Set down a faithful copy of every record below, with no images.

Top of Data shown

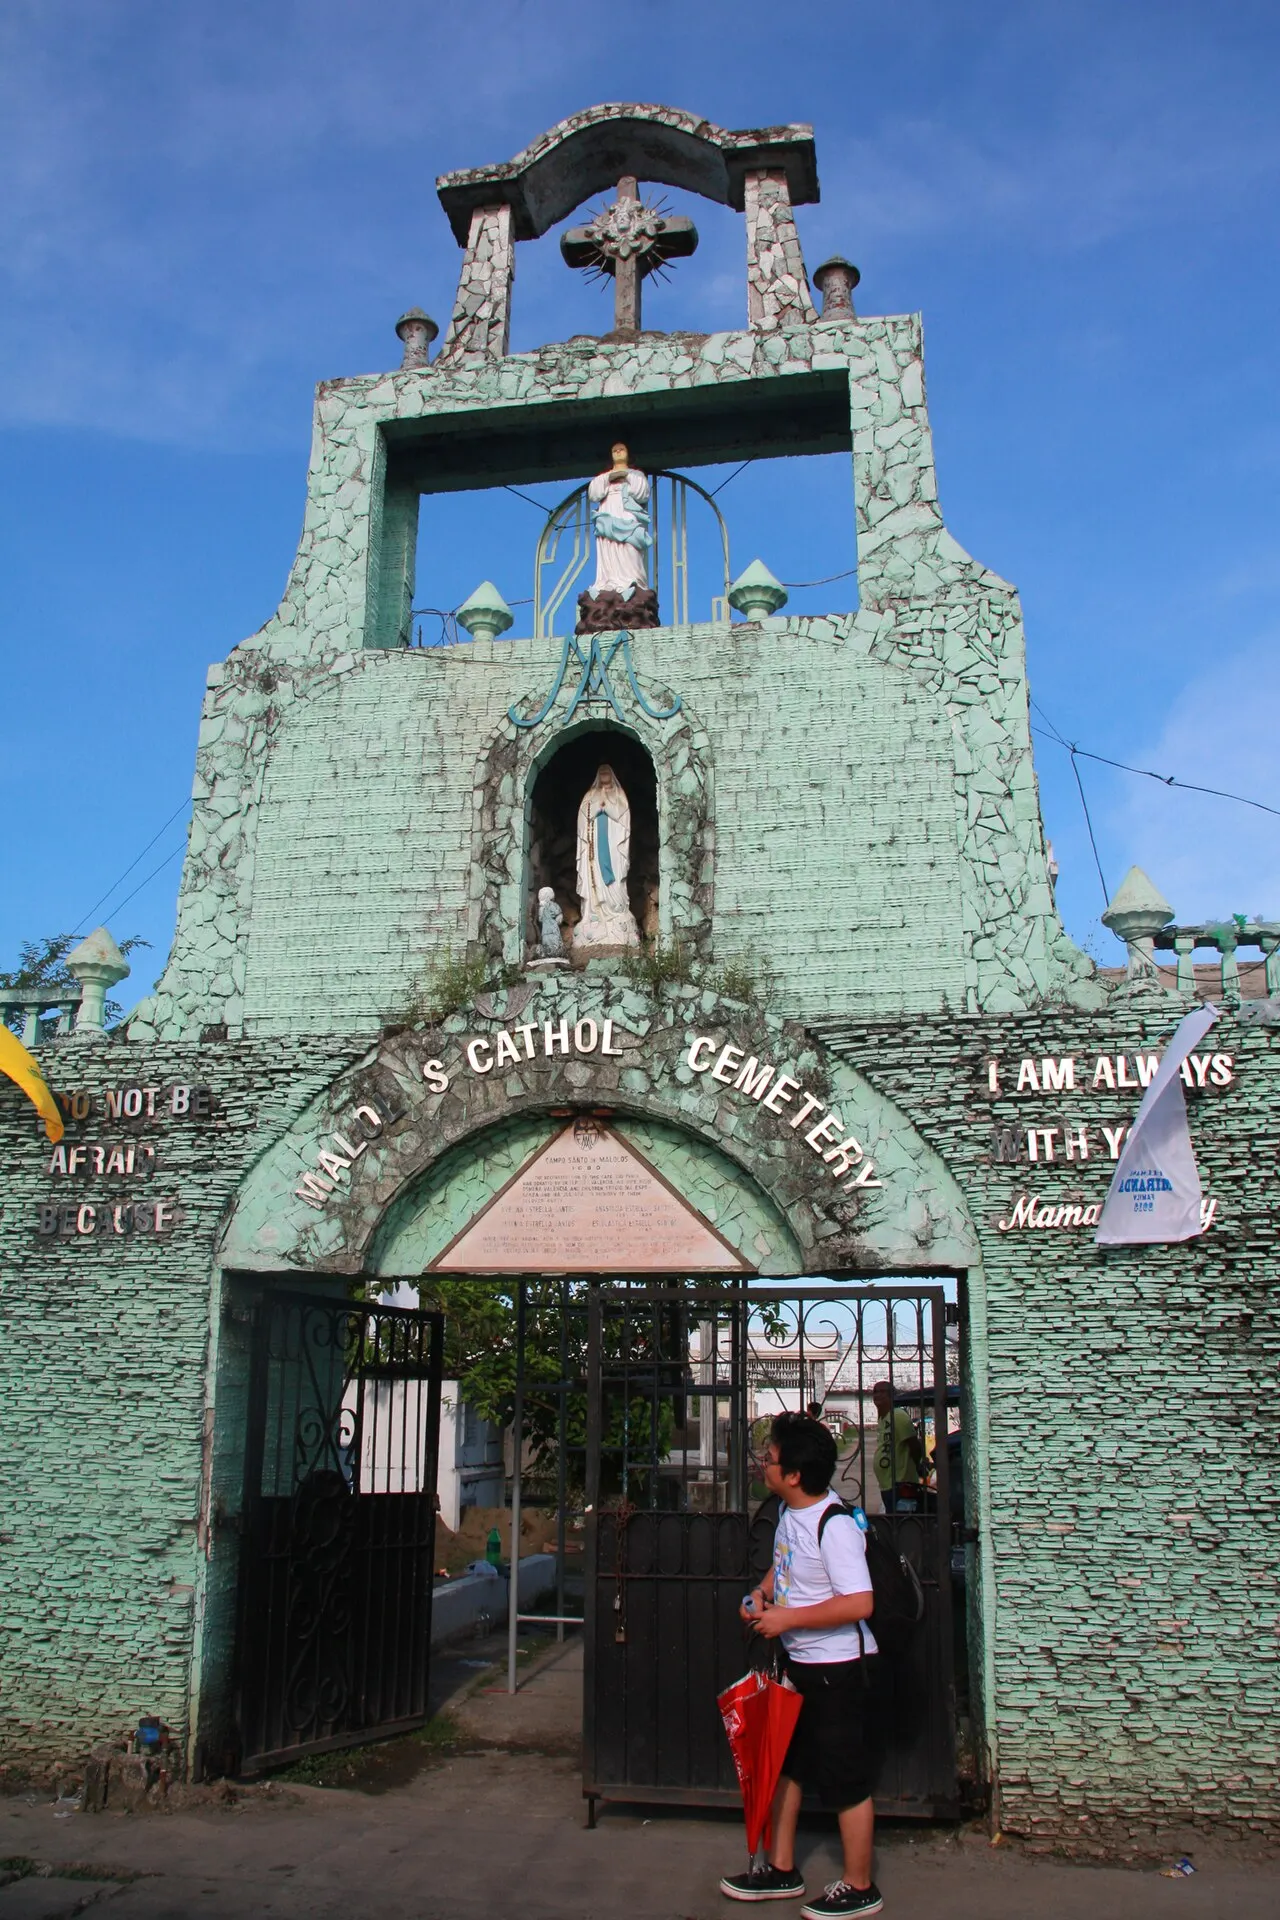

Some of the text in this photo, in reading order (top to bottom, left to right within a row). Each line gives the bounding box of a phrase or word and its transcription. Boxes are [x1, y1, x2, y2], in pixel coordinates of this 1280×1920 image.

[987, 1060, 998, 1092] I
[1016, 1057, 1075, 1091] AM
[105, 1087, 160, 1118] NOT
[171, 1084, 210, 1115] BE
[687, 1036, 882, 1194] CEMETERY
[49, 1144, 155, 1174] AFRAID
[568, 1156, 588, 1164] SANTO
[989, 1127, 1089, 1162] WITH
[39, 1203, 174, 1236] BECAUSE
[998, 1195, 1103, 1231] Mama
[879, 1420, 891, 1469] AERO

Bottom of Data shown

→ **Exercise answer**:
Some of the text in this photo, in reading order (top to bottom, left to right within a row). Each line gives the bounding box of a phrase or word and its transcription. Boxes are [x1, y1, x2, y2], in pixel coordinates of this 1280×1920 image.

[987, 1060, 998, 1092] I
[1016, 1057, 1075, 1091] AM
[105, 1087, 160, 1118] NOT
[171, 1084, 210, 1115] BE
[687, 1036, 882, 1194] CEMETERY
[49, 1144, 155, 1174] AFRAID
[568, 1156, 588, 1164] SANTO
[989, 1127, 1089, 1162] WITH
[39, 1203, 174, 1236] BECAUSE
[998, 1195, 1103, 1231] Mama
[879, 1420, 891, 1469] AERO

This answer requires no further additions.